Word for word, give every line of the listing again.
(The data Opens)
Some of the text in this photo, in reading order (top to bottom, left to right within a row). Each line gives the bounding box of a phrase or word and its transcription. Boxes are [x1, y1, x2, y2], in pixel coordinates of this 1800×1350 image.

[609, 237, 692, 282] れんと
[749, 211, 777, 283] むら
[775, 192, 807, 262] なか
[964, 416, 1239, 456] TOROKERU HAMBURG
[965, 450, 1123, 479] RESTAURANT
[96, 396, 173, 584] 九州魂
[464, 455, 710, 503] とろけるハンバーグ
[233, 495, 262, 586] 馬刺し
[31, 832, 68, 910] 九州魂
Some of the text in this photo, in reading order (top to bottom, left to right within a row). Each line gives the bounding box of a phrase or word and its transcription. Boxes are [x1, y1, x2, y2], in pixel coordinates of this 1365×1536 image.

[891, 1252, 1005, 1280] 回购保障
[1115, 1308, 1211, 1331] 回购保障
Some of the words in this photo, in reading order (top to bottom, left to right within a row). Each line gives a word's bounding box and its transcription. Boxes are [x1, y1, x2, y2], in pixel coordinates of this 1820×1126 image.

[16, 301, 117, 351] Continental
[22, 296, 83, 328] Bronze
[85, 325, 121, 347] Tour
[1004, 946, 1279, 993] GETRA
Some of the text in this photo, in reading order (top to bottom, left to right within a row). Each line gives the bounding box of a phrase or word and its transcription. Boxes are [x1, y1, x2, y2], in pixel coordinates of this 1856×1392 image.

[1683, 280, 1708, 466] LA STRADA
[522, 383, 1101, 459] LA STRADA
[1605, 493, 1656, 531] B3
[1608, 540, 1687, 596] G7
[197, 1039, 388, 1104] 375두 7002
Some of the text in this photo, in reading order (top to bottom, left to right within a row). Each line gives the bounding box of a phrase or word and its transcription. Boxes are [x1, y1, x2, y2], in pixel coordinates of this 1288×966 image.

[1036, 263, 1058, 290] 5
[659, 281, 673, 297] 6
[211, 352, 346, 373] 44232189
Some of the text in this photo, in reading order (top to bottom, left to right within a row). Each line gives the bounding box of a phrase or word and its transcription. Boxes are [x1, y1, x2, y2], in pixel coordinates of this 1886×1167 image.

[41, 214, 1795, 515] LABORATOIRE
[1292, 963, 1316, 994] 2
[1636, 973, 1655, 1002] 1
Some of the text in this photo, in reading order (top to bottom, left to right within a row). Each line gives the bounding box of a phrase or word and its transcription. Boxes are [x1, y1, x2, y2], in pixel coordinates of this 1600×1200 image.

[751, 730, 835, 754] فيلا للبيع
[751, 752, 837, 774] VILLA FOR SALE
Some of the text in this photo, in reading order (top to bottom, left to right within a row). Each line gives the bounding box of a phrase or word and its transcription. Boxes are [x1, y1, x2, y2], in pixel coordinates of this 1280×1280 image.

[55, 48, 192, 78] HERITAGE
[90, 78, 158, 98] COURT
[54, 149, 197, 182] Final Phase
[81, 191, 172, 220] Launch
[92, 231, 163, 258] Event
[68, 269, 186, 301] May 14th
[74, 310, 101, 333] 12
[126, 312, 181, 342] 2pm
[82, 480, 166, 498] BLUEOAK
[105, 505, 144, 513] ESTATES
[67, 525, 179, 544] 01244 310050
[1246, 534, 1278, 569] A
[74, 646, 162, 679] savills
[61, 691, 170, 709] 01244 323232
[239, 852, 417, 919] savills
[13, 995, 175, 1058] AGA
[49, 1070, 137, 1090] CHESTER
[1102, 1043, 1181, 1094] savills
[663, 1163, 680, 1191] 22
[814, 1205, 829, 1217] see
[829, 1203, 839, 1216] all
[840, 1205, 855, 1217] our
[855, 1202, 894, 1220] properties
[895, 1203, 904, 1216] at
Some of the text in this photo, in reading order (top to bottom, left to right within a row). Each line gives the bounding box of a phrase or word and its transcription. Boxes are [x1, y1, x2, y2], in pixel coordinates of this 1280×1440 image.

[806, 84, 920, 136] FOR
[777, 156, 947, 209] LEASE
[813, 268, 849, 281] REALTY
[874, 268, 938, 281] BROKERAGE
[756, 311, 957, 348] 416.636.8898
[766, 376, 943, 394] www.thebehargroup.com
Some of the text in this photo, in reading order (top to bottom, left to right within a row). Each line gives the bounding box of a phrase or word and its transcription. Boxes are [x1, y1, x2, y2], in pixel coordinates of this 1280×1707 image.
(The data Closes)
Answer to the exercise ::
Some of the text in this photo, in reading order (top to bottom, left to right within a row). Each line gives the bounding box of a phrase or word and its transcription. Boxes are [x1, y1, x2, y2], in pixel coordinates of this 1800×1350 image.

[609, 237, 692, 282] れんと
[749, 211, 777, 283] むら
[775, 192, 807, 262] なか
[964, 416, 1239, 456] TOROKERU HAMBURG
[965, 450, 1123, 479] RESTAURANT
[96, 396, 173, 584] 九州魂
[464, 455, 710, 503] とろけるハンバーグ
[233, 495, 262, 586] 馬刺し
[31, 832, 68, 910] 九州魂
Some of the text in this photo, in reading order (top to bottom, left to right within a row). Each line gives the bounding box of a phrase or word and its transcription. Boxes are [x1, y1, x2, y2], in pixel coordinates of this 1365×1536 image.

[891, 1252, 1005, 1280] 回购保障
[1115, 1308, 1211, 1331] 回购保障
Some of the words in this photo, in reading order (top to bottom, left to right within a row). Each line gives a word's bounding box and its transcription. Boxes are [x1, y1, x2, y2], in pixel coordinates of this 1820×1126 image.

[16, 301, 117, 351] Continental
[22, 296, 83, 328] Bronze
[85, 325, 121, 347] Tour
[1004, 946, 1279, 993] GETRA
Some of the text in this photo, in reading order (top to bottom, left to right within a row). Each line gives the bounding box of a phrase or word and its transcription. Boxes are [x1, y1, x2, y2], in pixel coordinates of this 1856×1392 image.

[1683, 280, 1708, 466] LA STRADA
[522, 383, 1101, 459] LA STRADA
[1605, 493, 1656, 531] B3
[1608, 540, 1687, 596] G7
[197, 1039, 388, 1104] 375두 7002
Some of the text in this photo, in reading order (top to bottom, left to right within a row). Each line gives the bounding box of a phrase or word and its transcription. Boxes are [x1, y1, x2, y2], in pixel coordinates of this 1288×966 image.

[1036, 263, 1058, 290] 5
[659, 281, 673, 297] 6
[211, 352, 346, 373] 44232189
Some of the text in this photo, in reading order (top to bottom, left to right within a row). Each line gives the bounding box of a phrase or word and its transcription. Boxes are [x1, y1, x2, y2], in pixel coordinates of this 1886×1167 image.

[41, 214, 1795, 515] LABORATOIRE
[1292, 963, 1316, 994] 2
[1636, 973, 1655, 1002] 1
Some of the text in this photo, in reading order (top to bottom, left to right within a row). Each line gives the bounding box of a phrase or word and its transcription. Boxes are [x1, y1, x2, y2], in pixel coordinates of this 1600×1200 image.

[751, 730, 835, 754] فيلا للبيع
[751, 752, 837, 774] VILLA FOR SALE
Some of the text in this photo, in reading order (top to bottom, left to right within a row). Each line gives the bounding box of a phrase or word and its transcription. Boxes are [x1, y1, x2, y2], in pixel coordinates of this 1280×1280 image.

[55, 48, 192, 78] HERITAGE
[90, 78, 158, 98] COURT
[54, 149, 197, 182] Final Phase
[81, 191, 172, 220] Launch
[92, 231, 163, 258] Event
[68, 269, 186, 301] May 14th
[74, 310, 101, 333] 12
[126, 312, 181, 342] 2pm
[82, 480, 166, 498] BLUEOAK
[105, 505, 144, 513] ESTATES
[67, 525, 179, 544] 01244 310050
[1246, 534, 1278, 569] A
[74, 646, 162, 679] savills
[61, 691, 170, 709] 01244 323232
[239, 852, 417, 919] savills
[13, 995, 175, 1058] AGA
[49, 1070, 137, 1090] CHESTER
[1102, 1043, 1181, 1094] savills
[663, 1163, 680, 1191] 22
[814, 1205, 829, 1217] see
[829, 1203, 839, 1216] all
[840, 1205, 855, 1217] our
[855, 1202, 894, 1220] properties
[895, 1203, 904, 1216] at
Some of the text in this photo, in reading order (top to bottom, left to right within a row). Each line gives the bounding box of a phrase or word and its transcription. Boxes are [x1, y1, x2, y2], in pixel coordinates of this 1280×1440 image.

[806, 84, 920, 136] FOR
[777, 156, 947, 209] LEASE
[813, 268, 849, 281] REALTY
[874, 268, 938, 281] BROKERAGE
[756, 311, 957, 348] 416.636.8898
[766, 376, 943, 394] www.thebehargroup.com
Some of the text in this photo, in reading order (top to bottom, left to right within a row). Each line gives the bounding box of a phrase or word and its transcription. Boxes are [x1, y1, x2, y2], in pixel coordinates of this 1280×1707 image.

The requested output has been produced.